> **What you should do**
Images are to be left out; everything else in the records gets copied exactly.
++++ Dataset
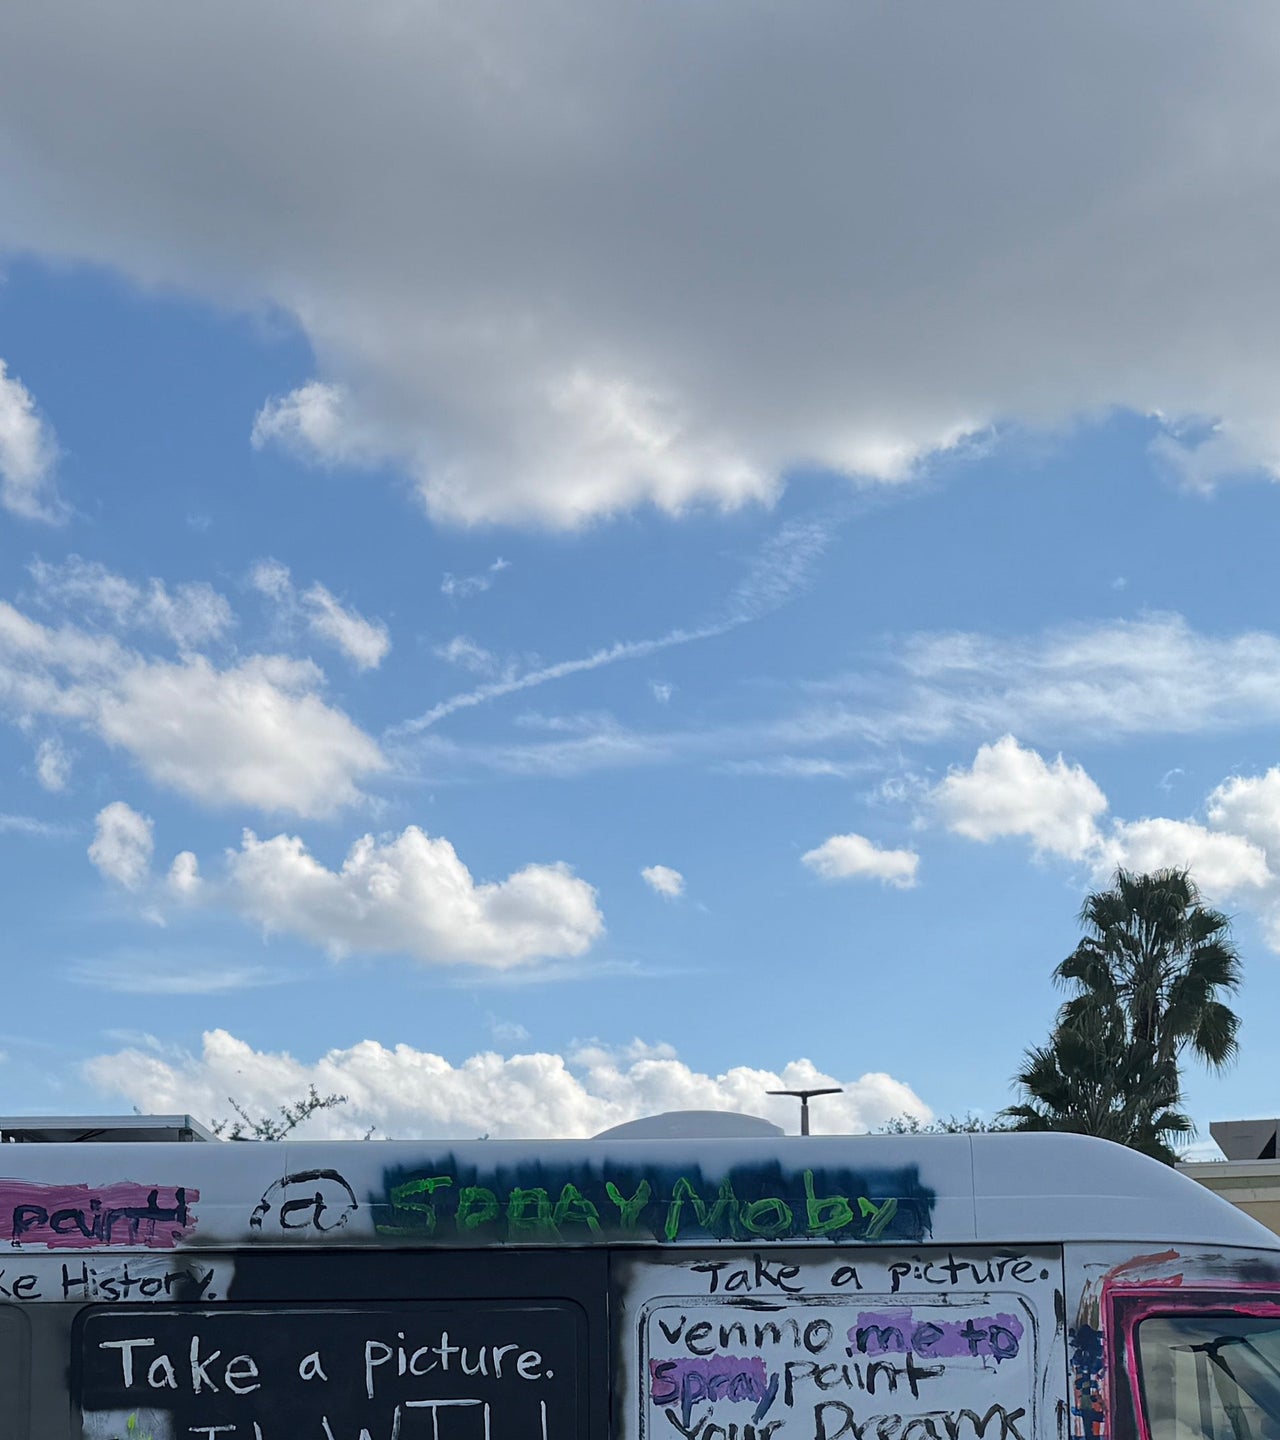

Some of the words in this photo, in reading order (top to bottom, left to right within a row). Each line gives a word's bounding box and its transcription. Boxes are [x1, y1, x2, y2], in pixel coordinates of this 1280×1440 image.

[250, 1168, 358, 1232] @
[61, 1262, 218, 1302] History.
[691, 1253, 805, 1293] Take
[831, 1264, 864, 1290] a
[888, 1252, 1050, 1293] picture.
[99, 1335, 261, 1395] Take
[299, 1351, 328, 1382] a
[365, 1331, 554, 1399] picture.
[855, 1321, 944, 1352] me
[960, 1318, 1020, 1365] to
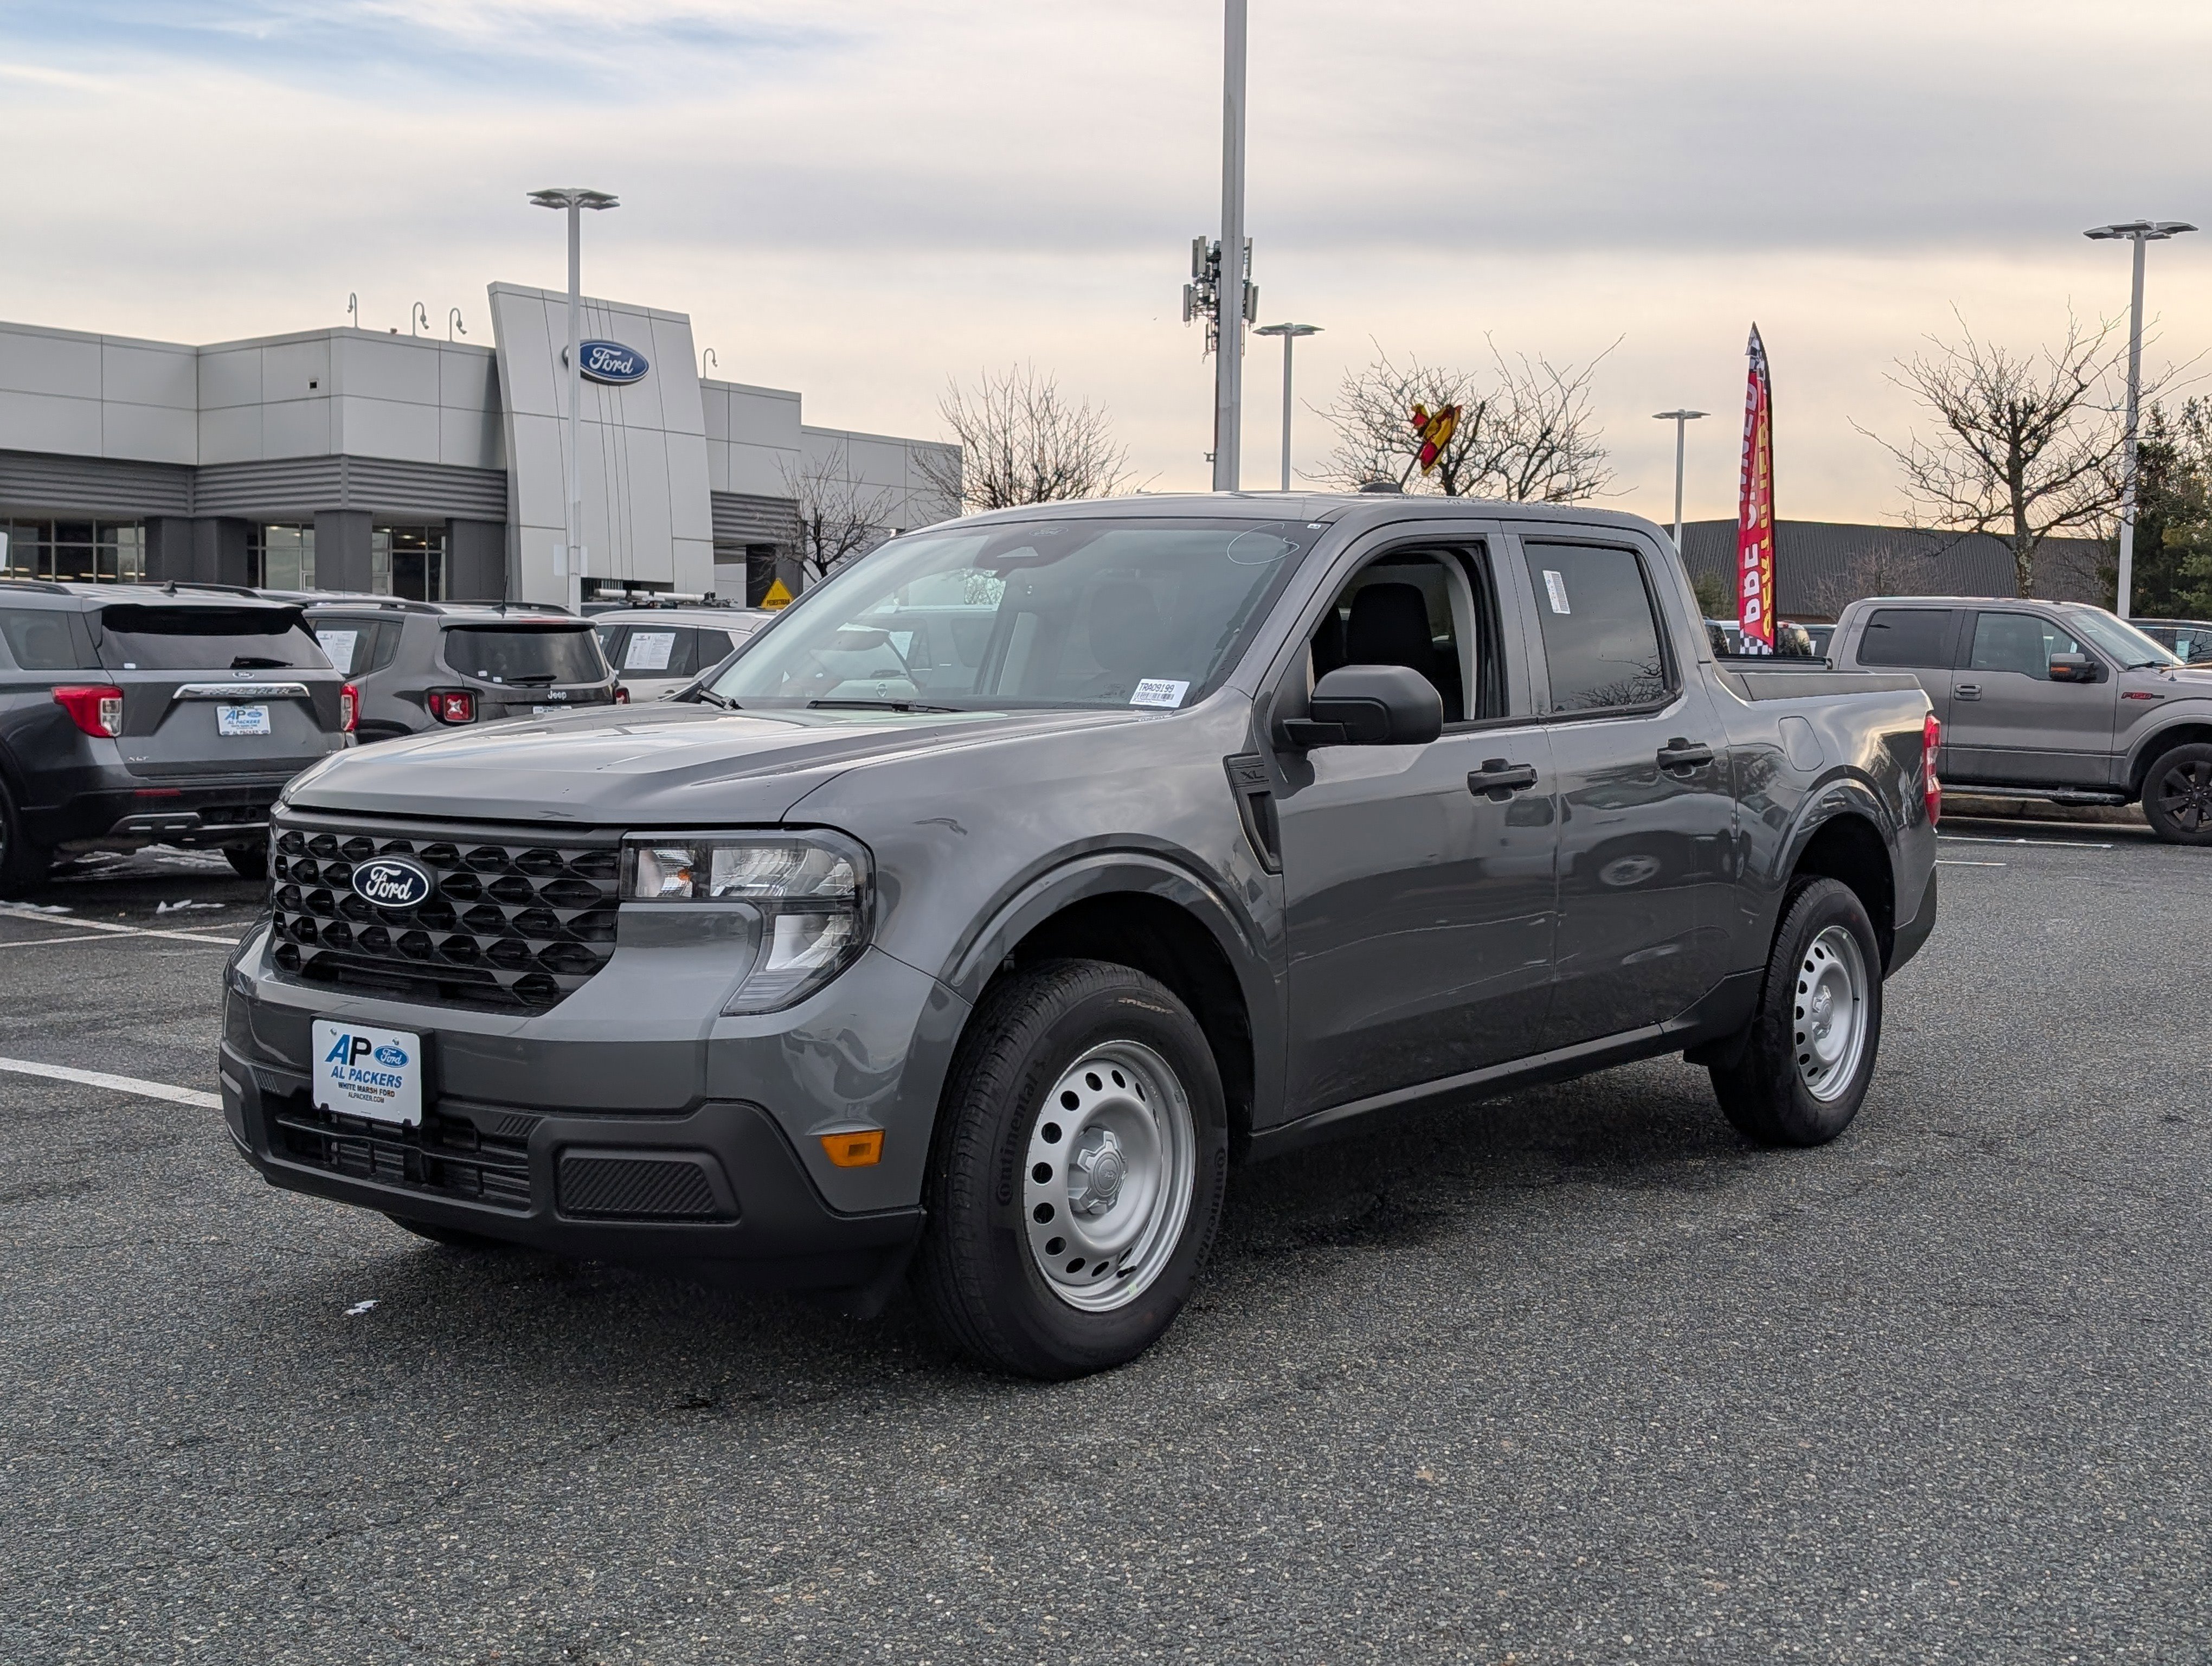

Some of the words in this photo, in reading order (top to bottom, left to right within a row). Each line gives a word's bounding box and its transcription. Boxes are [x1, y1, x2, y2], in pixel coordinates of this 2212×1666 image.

[589, 347, 634, 374] Ford
[548, 690, 567, 700] Jeep
[1140, 683, 1175, 693] TRA09199
[224, 710, 246, 720] AP
[1240, 770, 1265, 780] XL
[365, 866, 413, 900] Ford
[325, 1034, 372, 1066] AP
[380, 1047, 402, 1065] Ford
[330, 1066, 345, 1080] AL
[348, 1068, 403, 1089] PACKERS
[338, 1081, 356, 1091] WHITE
[357, 1085, 378, 1095] MARSH
[379, 1088, 395, 1098] FORD
[996, 1072, 1038, 1207] Continental
++++++++
> **Response**
Some of the words in this photo, in reading order (top to bottom, left to right within a row). Each line gives a word's bounding box and its transcription. Boxes are [x1, y1, x2, y2], in pixel coordinates of this 1280×1440 image.

[250, 1168, 358, 1232] @
[61, 1262, 218, 1302] History.
[691, 1253, 805, 1293] Take
[831, 1264, 864, 1290] a
[888, 1252, 1050, 1293] picture.
[99, 1335, 261, 1395] Take
[299, 1351, 328, 1382] a
[365, 1331, 554, 1399] picture.
[855, 1321, 944, 1352] me
[960, 1318, 1020, 1365] to

Some of the words in this photo, in reading order (top to bottom, left to right within a row). Each line gives a word's bounding box and its transcription. Boxes are [x1, y1, x2, y2], in pixel coordinates of this 2212×1666 image.

[589, 347, 634, 374] Ford
[548, 690, 567, 700] Jeep
[1140, 683, 1175, 693] TRA09199
[224, 710, 246, 720] AP
[1240, 770, 1265, 780] XL
[365, 866, 413, 900] Ford
[325, 1034, 372, 1066] AP
[380, 1047, 402, 1065] Ford
[330, 1066, 345, 1080] AL
[348, 1068, 403, 1089] PACKERS
[338, 1081, 356, 1091] WHITE
[357, 1085, 378, 1095] MARSH
[379, 1088, 395, 1098] FORD
[996, 1072, 1038, 1207] Continental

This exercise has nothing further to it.